This was 125 years ago, however, and since then strict salt limitations have come in force around most of the developed world and this ruse would be very difficult to carry out. But free lunches still exist. Even free dinners. In fact, one of the joys of attending congress is to attend an industry sponsored dinner every evening. There is fun to be had in comparing dinners: who has the best venue, who has the most interesting talk, who has the biggest budget. And, of course, with the ABPI regulations in place, we can be very confident that no underhand tricks can take place, so we can relax. Besides, we are all professionals and are totally incorruptible anyhow, whatever anyone says. So by and large the dinners are pointless from the point of view of the industry. Aren’t they?

So during congress this year I met an old Nigerian friend who now works in Manchester so I rarely bump into her; as well as several other colleagues who had signed up to have dinner with a Japanese pharmaceutical company. The industry representative seemed most keen that I join them and some important international glaucomatous figures were present so I thought I would attend too. For the lecture. Obviously.

It was nice to catch up. We chatted as we followed a line of fellow ophthalmologists, like sheep, out of the ACC in Liverpool into a waiting coach, which then took off along the dockside road. We had been chatting for a while before I suddenly noticed we were passing warehouses and were by now some distance away from the ACC and my accommodation. I was not alone in realising this, but just as a consensus was starting to grow on the bus that we had travelled beyond walking distance back to the convention centre the bus pulled into a high walled warehouse conversion and let us all off. We were told there would be taxis to take us back afterwards. The venue was nice, with dramatic stairs in the style of the Titanic ascending from the lobby to the lecture hall. Food was also nice, and the lecture was okay too. There was a bit about the history of the company and the guest speaker spoke about the human touch in ophthalmology. I don’t think anybody learnt anything new, but it was not a boring talk. The lecture overran by 20 minutes and, as my friend had to get back to Manchester she quietly left at the time the lecture was meant to finish, as did a few others, but I dutifully stayed until the end.

“If we are so incorruptible that the free dinners do not make us more likely to prescribe, how can the reverse be true?”

Imagine my surprise then at seeing my friend still sat in the back of a taxi after I finally made it out at the end.

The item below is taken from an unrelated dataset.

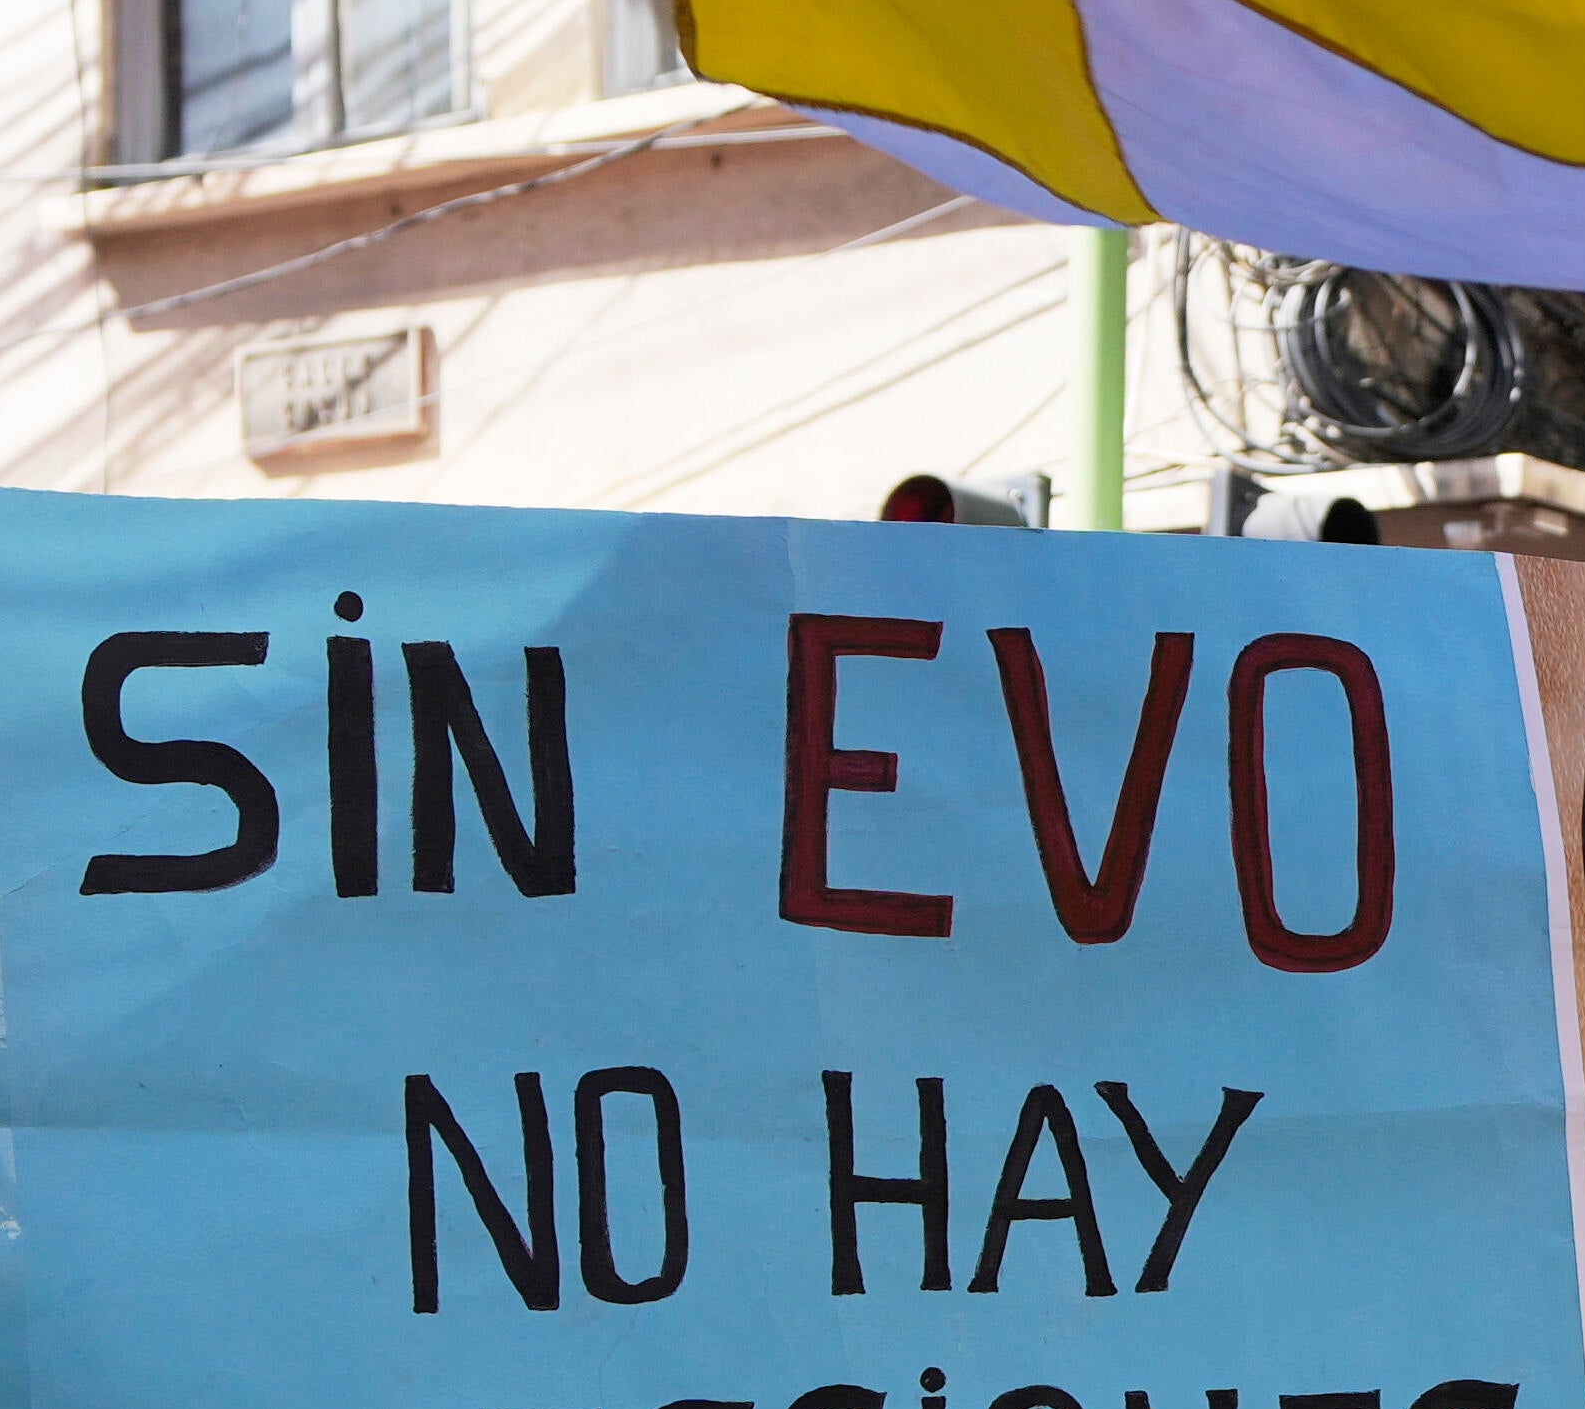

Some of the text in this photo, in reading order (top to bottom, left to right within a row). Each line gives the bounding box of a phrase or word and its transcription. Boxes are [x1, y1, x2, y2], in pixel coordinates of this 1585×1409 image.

She did not look too pleased neither. “The taxi man refuses to move!” she complained. “He says the reps haven’t signed off the fare yet.”

As soon as some representatives came within earshot she angrily called one over to her. I waited patiently for another cab to arrive along with a growing throng of ophthalmologists, when suddenly my friend gets out of the taxi and slams the door. “They’re not paying to take us back!” she squealed. A murmur ran through the crowd. Another ophthalmologist called over a drug rep and was evidently told the same thing. The crowd was distressed. Others decided to make their own enquiries and once it became clear that in fact we were not to be taken back, I decided to start walking. This was mainly as I had not brought a wallet with me, this being an irregular thing to happen, and surprisingly I found myself leading a group of us back to Albert Dock utilising a map given to me at the Premier Inn.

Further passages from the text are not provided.